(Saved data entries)
..............................

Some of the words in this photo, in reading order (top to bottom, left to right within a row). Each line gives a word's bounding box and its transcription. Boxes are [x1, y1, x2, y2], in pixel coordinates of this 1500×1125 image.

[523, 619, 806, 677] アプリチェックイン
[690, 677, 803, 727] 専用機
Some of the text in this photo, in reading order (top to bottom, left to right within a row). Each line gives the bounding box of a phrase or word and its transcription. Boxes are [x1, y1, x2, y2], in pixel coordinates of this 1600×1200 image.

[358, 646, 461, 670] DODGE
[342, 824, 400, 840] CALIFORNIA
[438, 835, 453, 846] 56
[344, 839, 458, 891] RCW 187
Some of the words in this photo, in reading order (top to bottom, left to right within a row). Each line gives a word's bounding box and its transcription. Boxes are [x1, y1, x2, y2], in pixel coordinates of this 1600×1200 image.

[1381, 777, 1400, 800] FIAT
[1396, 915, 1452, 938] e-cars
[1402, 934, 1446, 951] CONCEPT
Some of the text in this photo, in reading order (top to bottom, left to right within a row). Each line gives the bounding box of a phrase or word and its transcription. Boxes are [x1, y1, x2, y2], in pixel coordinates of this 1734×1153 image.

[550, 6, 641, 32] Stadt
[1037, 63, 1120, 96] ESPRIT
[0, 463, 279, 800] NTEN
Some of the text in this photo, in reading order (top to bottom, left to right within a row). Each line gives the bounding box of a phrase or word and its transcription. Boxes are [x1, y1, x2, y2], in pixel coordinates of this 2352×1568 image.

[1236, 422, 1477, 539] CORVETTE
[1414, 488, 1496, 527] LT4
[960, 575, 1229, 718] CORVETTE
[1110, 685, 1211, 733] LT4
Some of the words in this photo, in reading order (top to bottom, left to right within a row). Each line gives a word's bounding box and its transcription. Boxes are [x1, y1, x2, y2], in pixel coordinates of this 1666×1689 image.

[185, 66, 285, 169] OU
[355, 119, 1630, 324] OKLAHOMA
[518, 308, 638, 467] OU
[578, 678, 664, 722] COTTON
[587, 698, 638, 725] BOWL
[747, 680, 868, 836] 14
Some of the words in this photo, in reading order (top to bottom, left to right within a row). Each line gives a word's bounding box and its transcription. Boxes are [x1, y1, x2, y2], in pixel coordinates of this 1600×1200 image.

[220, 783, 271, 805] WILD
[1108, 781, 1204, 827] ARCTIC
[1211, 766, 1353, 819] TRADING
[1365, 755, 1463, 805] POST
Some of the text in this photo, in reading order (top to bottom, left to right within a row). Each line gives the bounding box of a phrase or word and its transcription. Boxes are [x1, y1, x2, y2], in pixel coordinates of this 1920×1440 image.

..............................

__Task objective__
Retype the data precisely.

__Solution for this task__
Some of the words in this photo, in reading order (top to bottom, left to right within a row). Each line gives a word's bounding box and its transcription. Boxes are [x1, y1, x2, y2], in pixel coordinates of this 1500×1125 image.

[523, 619, 806, 677] アプリチェックイン
[690, 677, 803, 727] 専用機
Some of the text in this photo, in reading order (top to bottom, left to right within a row). Each line gives the bounding box of a phrase or word and its transcription. Boxes are [x1, y1, x2, y2], in pixel coordinates of this 1600×1200 image.

[358, 646, 461, 670] DODGE
[342, 824, 400, 840] CALIFORNIA
[438, 835, 453, 846] 56
[344, 839, 458, 891] RCW 187
Some of the words in this photo, in reading order (top to bottom, left to right within a row). Each line gives a word's bounding box and its transcription. Boxes are [x1, y1, x2, y2], in pixel coordinates of this 1600×1200 image.

[1381, 777, 1400, 800] FIAT
[1396, 915, 1452, 938] e-cars
[1402, 934, 1446, 951] CONCEPT
Some of the text in this photo, in reading order (top to bottom, left to right within a row). Each line gives the bounding box of a phrase or word and its transcription. Boxes are [x1, y1, x2, y2], in pixel coordinates of this 1734×1153 image.

[550, 6, 641, 32] Stadt
[1037, 63, 1120, 96] ESPRIT
[0, 463, 279, 800] NTEN
Some of the text in this photo, in reading order (top to bottom, left to right within a row). Each line gives the bounding box of a phrase or word and its transcription. Boxes are [x1, y1, x2, y2], in pixel coordinates of this 2352×1568 image.

[1236, 422, 1477, 539] CORVETTE
[1414, 488, 1496, 527] LT4
[960, 575, 1229, 718] CORVETTE
[1110, 685, 1211, 733] LT4
Some of the words in this photo, in reading order (top to bottom, left to right within a row). Each line gives a word's bounding box and its transcription. Boxes are [x1, y1, x2, y2], in pixel coordinates of this 1666×1689 image.

[185, 66, 285, 169] OU
[355, 119, 1630, 324] OKLAHOMA
[518, 308, 638, 467] OU
[578, 678, 664, 722] COTTON
[587, 698, 638, 725] BOWL
[747, 680, 868, 836] 14
Some of the words in this photo, in reading order (top to bottom, left to right within a row). Each line gives a word's bounding box and its transcription. Boxes are [x1, y1, x2, y2], in pixel coordinates of this 1600×1200 image.

[220, 783, 271, 805] WILD
[1108, 781, 1204, 827] ARCTIC
[1211, 766, 1353, 819] TRADING
[1365, 755, 1463, 805] POST
Some of the text in this photo, in reading order (top to bottom, left to right within a row). Each line gives the bounding box of a phrase or word and its transcription. Boxes are [x1, y1, x2, y2], in pixel coordinates of this 1920×1440 image.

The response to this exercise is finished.